Phillip R. Bennett, the former CEO of the company, settled with the SEC this week. The Commission’ complaint was based on the collapse of Refco and Mr. Bennett’s role in concealing the millions of dollars in losses the company had suffered. SEC v. Bennett, 08-cv-1631 (S.D.N.Y. Filed Feb. 19, 2008).

The settlement was somewhat anti-climactic in the wake of the sixteen-year sentence given to Mr. Bennett after he pled guilty to all twenty counts of the indictment returned against him. To settle with the SEC, Mr. Bennett consented to the entry of a permanent injunction prohibiting future violations of the antifraud and books and records provisions and the entry of an order in a related administrative proceeding which bars him from associating with any broker, dealer, or investment advisor. Mr. Bennett is appealing the sentence in his criminal case.

Insider trading

The SEC filed three insider trading cases last week. The first is based in part on the merger between DRS Technologies, Inc and Finmeccanica S.p.A. Prior to an announcement of discussions between the two companies, one or more unknown traders purchased 1,820 DRS options which, following a Wall Street Journal article discussing the talks, yielded the trader a $1.6 million profit. The same trader also made about $343,000 by trading in the call options of American Power prior the announcement in 2006 that the company would be acquired by Schneider Electric SA. SEC v. One or More Unknown Purchasers of the Call Options for the Common Stock of DRS Technologies, Inc., Civil Action No. 08-cv-6609 (S.D.N.Y. Filed July 25, 2008). The SEC obtained a freeze order over the assets in a UBS AG account used to place the trades.

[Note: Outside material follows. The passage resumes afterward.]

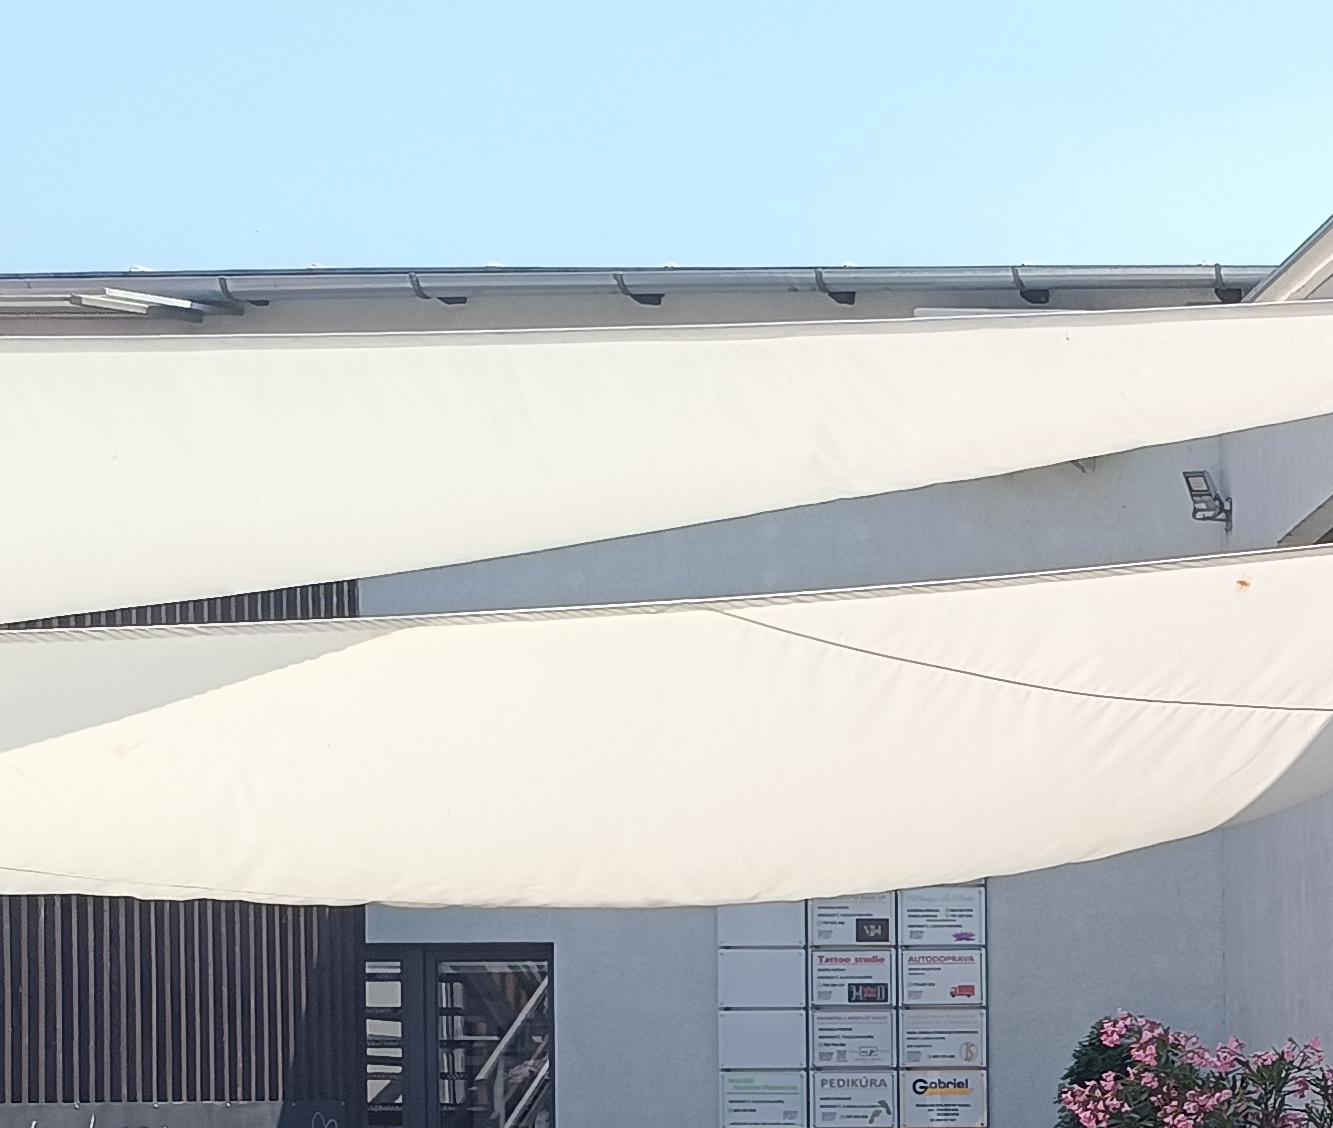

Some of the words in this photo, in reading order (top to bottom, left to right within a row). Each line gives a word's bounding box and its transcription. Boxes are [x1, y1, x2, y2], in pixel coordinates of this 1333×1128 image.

The two other insider trading cases were settled at the time of filing. In SEC v. Pai, Civil Action No. H-08-2338 (S.D. Tex. Filed July 29, 2008), the Commission filed a settled insider trading case against the former Chairman and Chief Executive Officer of Enron Financial Services. Mr. Pai sold over 338,000 shares of Enron and exercised and sold over 572,000 options when he learned negative information about the company after leaving. The action was settled with the entry of a permanent injunction prohibiting future violations of the antifraud provisions and Mr. Pai’s agreement to the entry of an order requiring him to pay over $30 million is disgorgement, about $11.5 million in prejudgment interest and a $1.5 million penalty.

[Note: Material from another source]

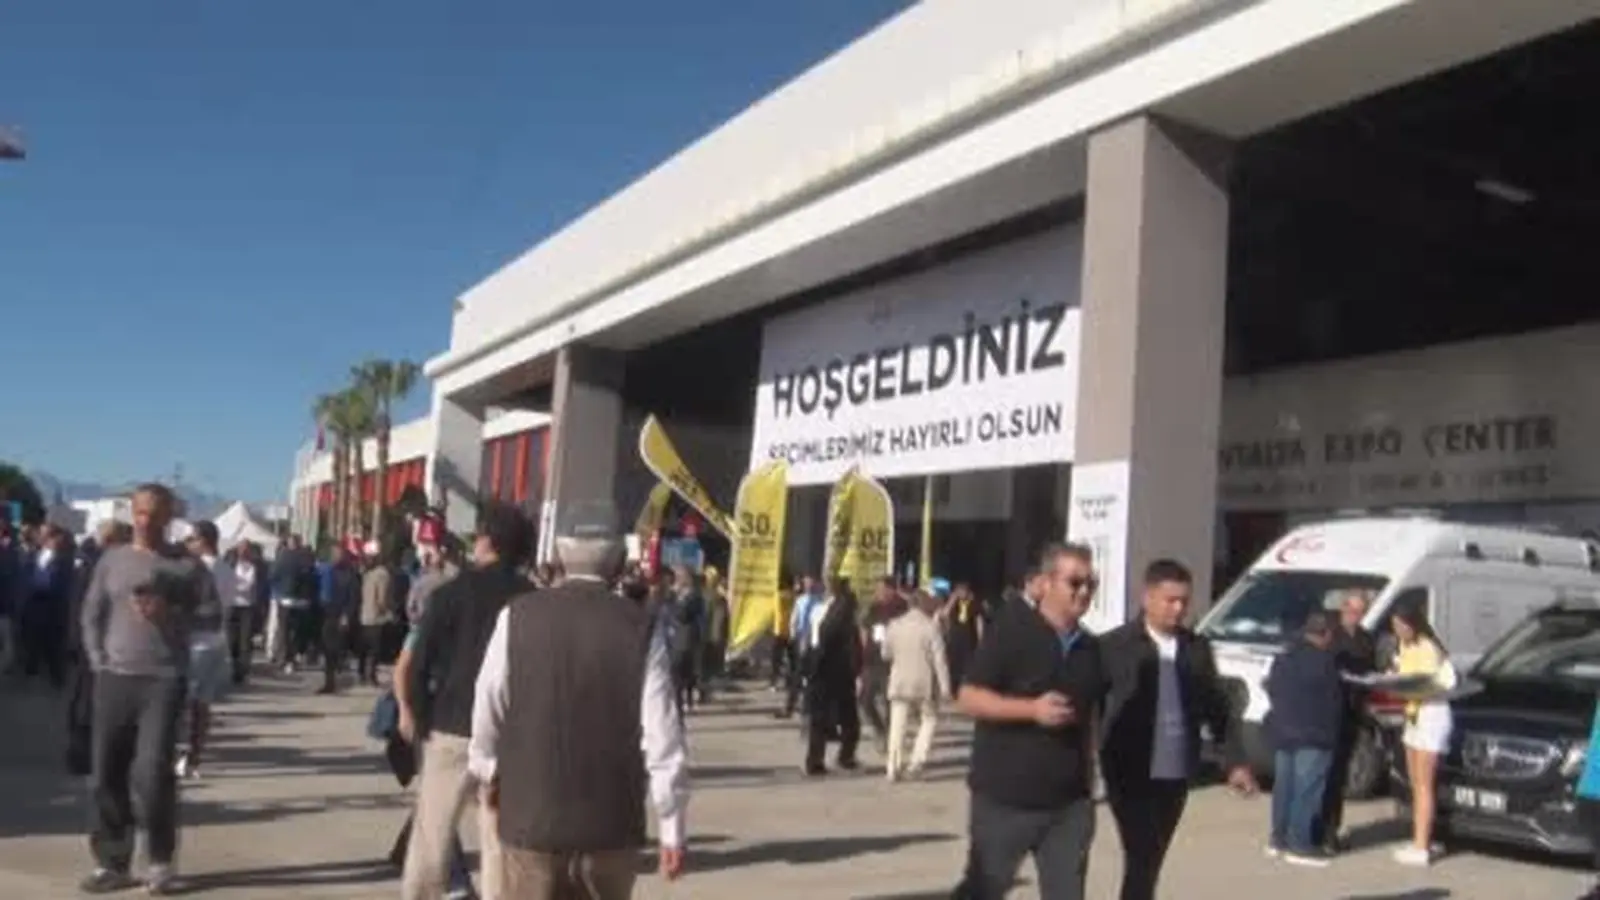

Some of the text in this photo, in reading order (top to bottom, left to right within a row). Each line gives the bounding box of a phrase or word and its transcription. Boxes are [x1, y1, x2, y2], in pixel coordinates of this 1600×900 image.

[773, 297, 1066, 420] HOŞGELDİNİZ
[889, 415, 973, 453] HAYIRLI
[977, 402, 1063, 443] OLSUN

SEC v. Simchuk, Civil Action No. 08-cv-5728 (S.D.N.Y. July 29, 200) is another settled insider trading case. This action was brought against George Simchuk, the former General Director of Glamis de Mexico, a subsidiary of Glamis Gold, Inc. Mr. Simchuk, a member of the due diligence team for the acquisition of Western Silver, Inc., traded in advance of the deal announcement. He resolved the action by consenting to an antifraud injunction and an order requiring him to pay disgorgement of over $58,000, prejudgment interest of over $10,000 and a civil penalty equal to the disgorgement.

Finally, the U.K. Financial Services Board continued its campaign against insider trading, bringing its third criminal insider trading case (the first and second cases are discussed here). Taking a page for the SEC, the FSA filed a “pillow talk” insider trading case (discussed here as to the SEC) against Matthew and Neel Uberoi. According to the FSA, the couple placed 11 separate trades in May and June 2006 on inside information prior to the announcement that NeuTec Pharma Plc was going to be acquired. Earlier the couple had placed six separate trades on inside information that Gulf Keystone Petroleum Ltd. was going to expand and enter into a partnership with a major oil and gas company. Those trades were placed in August 2006. The case is pending.